The consequence is, among other things, that hackers can find ways to enter the Operational Technology (OT) systems on a ship via the IT systems. A penetration test program can reveal whether there are connections between the IT and OT systems that have not been taken into account, which would allow unauthorized persons to enter important systems for a ship's operation. When IT systems are integrated with the operating systems, the consequences of a hacker attack are potentially high. 


So, as more and more companies integrate their IT systems with on-board operating and production systems, the more exposed they will become to potential hacker attacks. 

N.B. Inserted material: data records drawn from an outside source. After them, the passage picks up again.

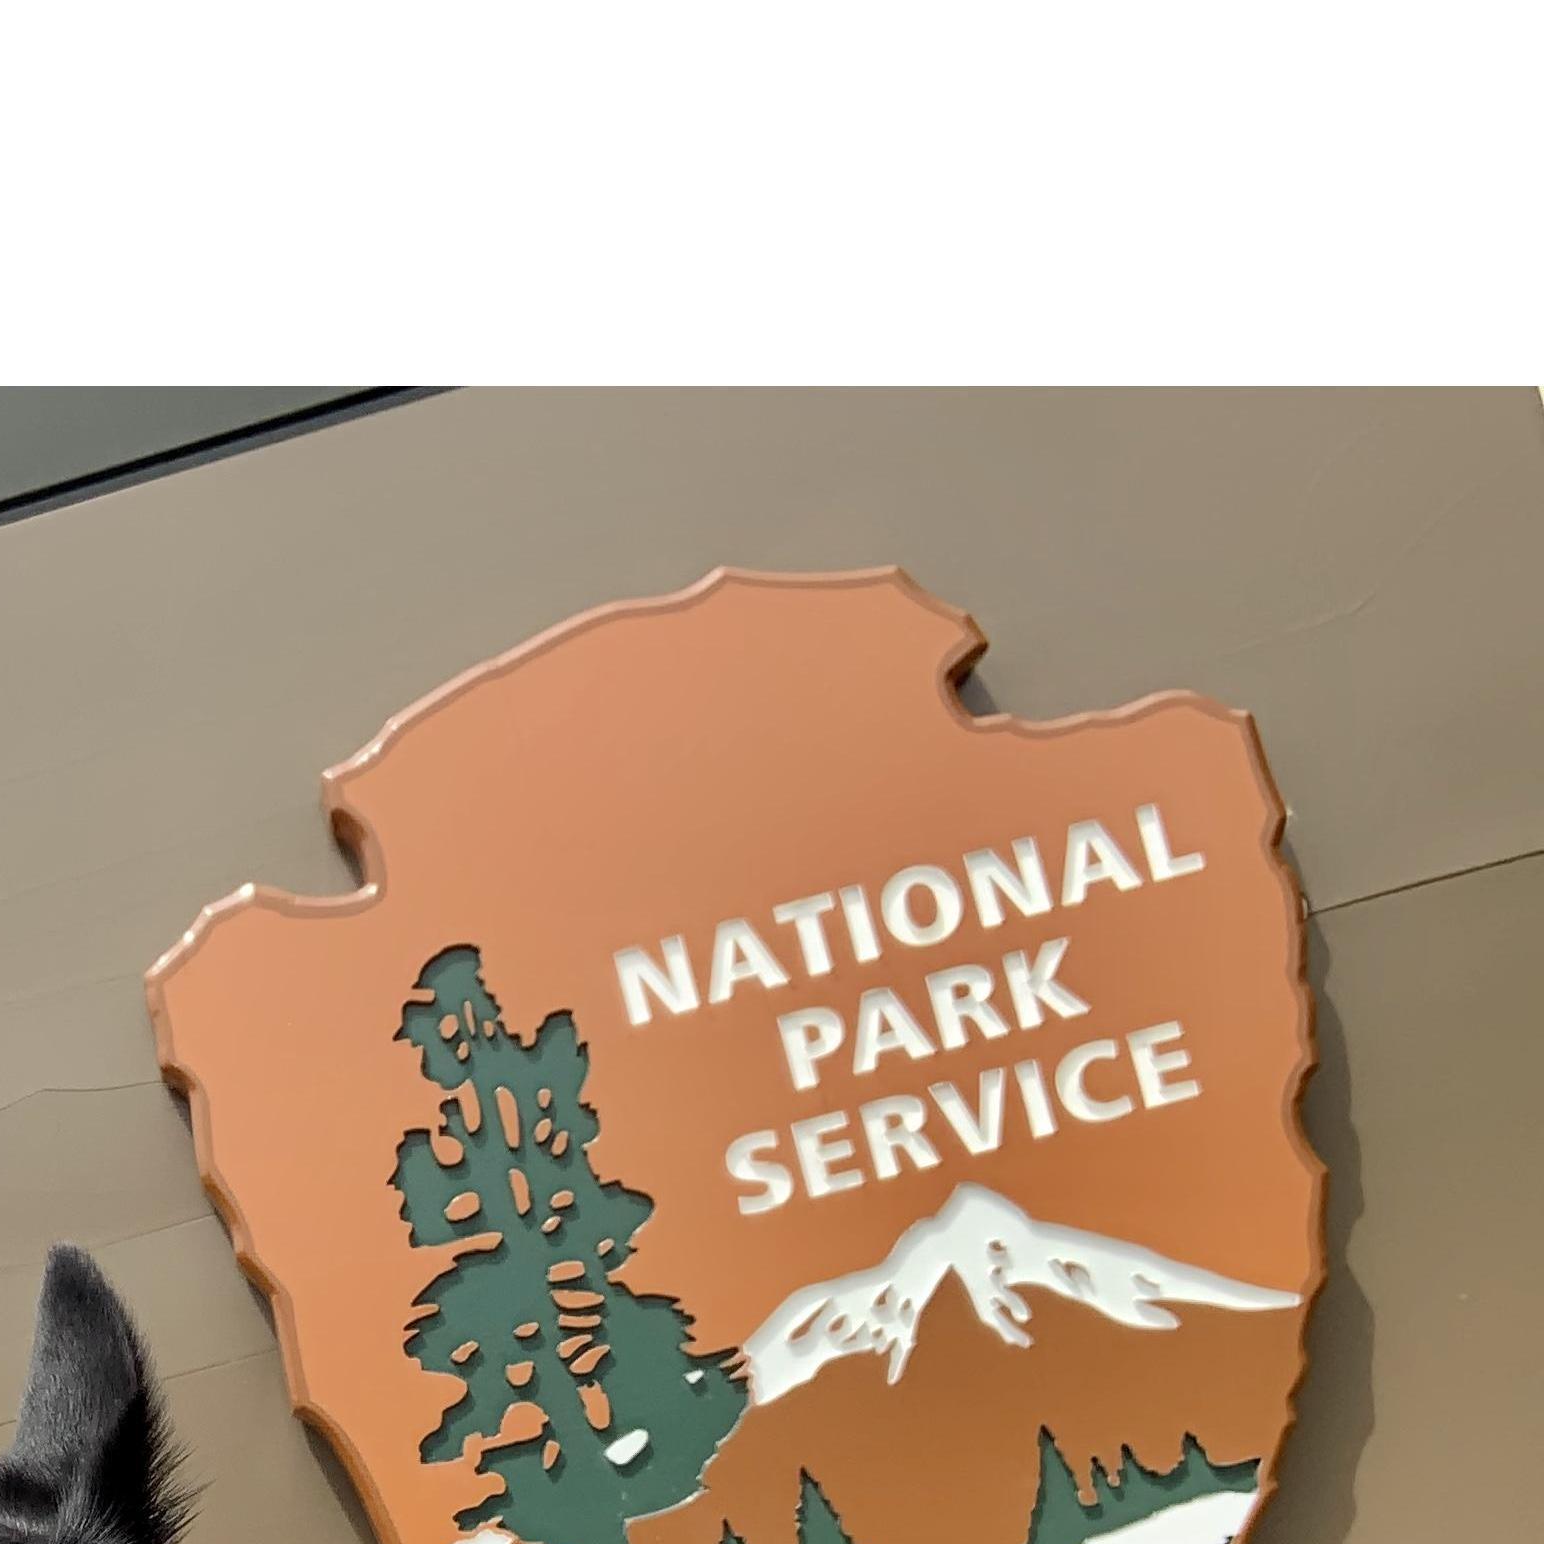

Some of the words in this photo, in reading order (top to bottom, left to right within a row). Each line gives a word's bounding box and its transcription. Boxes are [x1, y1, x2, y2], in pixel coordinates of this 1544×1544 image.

[613, 803, 1205, 1026] NATIONAL
[776, 937, 1091, 1092] PARK
[725, 1020, 1202, 1215] SERVICE
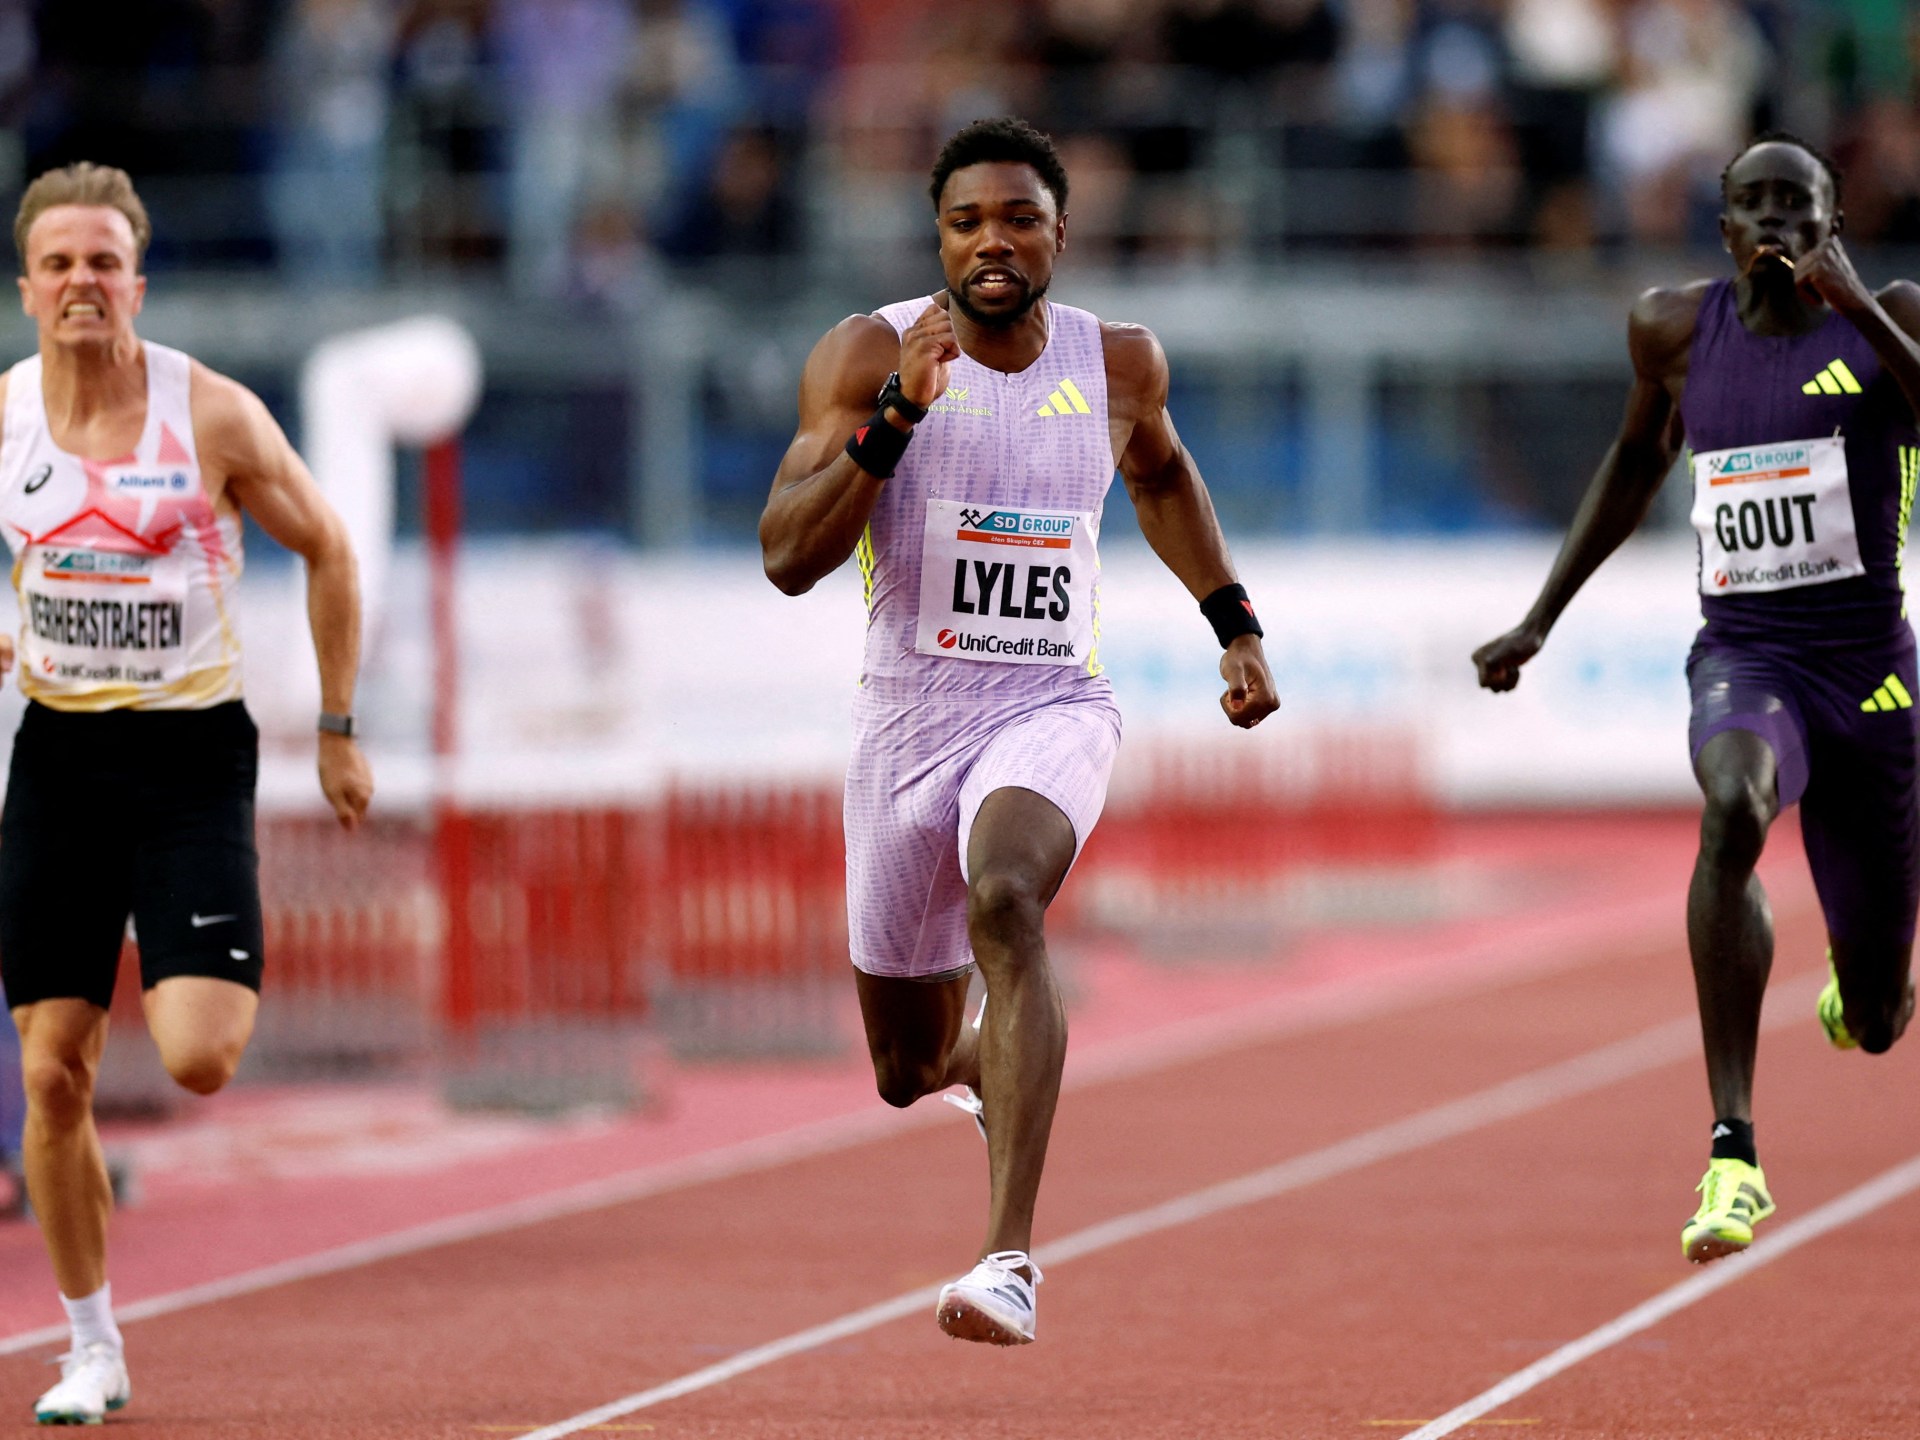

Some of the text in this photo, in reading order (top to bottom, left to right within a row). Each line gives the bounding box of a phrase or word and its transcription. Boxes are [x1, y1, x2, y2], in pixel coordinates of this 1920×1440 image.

[959, 404, 993, 416] Angels
[1755, 449, 1804, 465] GROUP
[993, 515, 1071, 533] SD GROUP
[1715, 493, 1816, 553] GOUT
[1006, 538, 1031, 546] Skupiny
[1728, 557, 1839, 585] UniCredit Bank
[952, 558, 1071, 622] LYLES
[28, 590, 183, 649] VERHERSTRAETEN
[958, 632, 1075, 658] UniCredit Bank

Here are four steps shipping companies should take to reduce their risk of successful attacks: 


  1. Perform security tests using professional penetration testers who understand the maritime industry. This is called marine ethical hacking. A cybersecurity expert works and thinks as a malicious hacker would, uncovering which security gaps you have in your networks and operating systems. 
  2. Monitor the networks related to IT and OT. This can be done using sensors that passively "listen" to the network traffic and look for deviations. These are reported via a Security Operations Center (SOC) using technology that minimizes the footprint on bandwidth in on-board satellite networks that are already charged. 
  3. Ensure the handling of any alerts around the clock. If the monitoring detects anomalies and/or incident candidates, analysts will verify the incident as malicious and determine how the incident should be handled in an efficient way.   
  4. Incident management. If the alert is of a serious nature, take action to prevent a successful data attack. Make sure you have access to expertise that can handle the challenges immediately before developing into a crisis that can harm the crew, the vessel, the cargo, the environment and reputation. 


Finally, a word on compliance. Security for integrated IT and OT systems on ships is still a relatively new field so there is little legal requirement. However, there are some standards – such as the International Maritime Operation (IMO) Resolution MSC.428(98), Network and Information Systems Regulation (NIS), Maritime Transportation Security Act (MTSA) and SIRE Vessel Inspection Questionnaire (VIQ7) – that provide guidelines, and many purchasers require ships and shipping companies to operate in accordance with these standards.


So, by following these four steps, you are also well on your way to compliance. What’s more, by having a system for monitoring and reporting incidents on ships, you get an overview of all resources and any events in the ship’s IT and OT zones – making it well secured and fit for the future.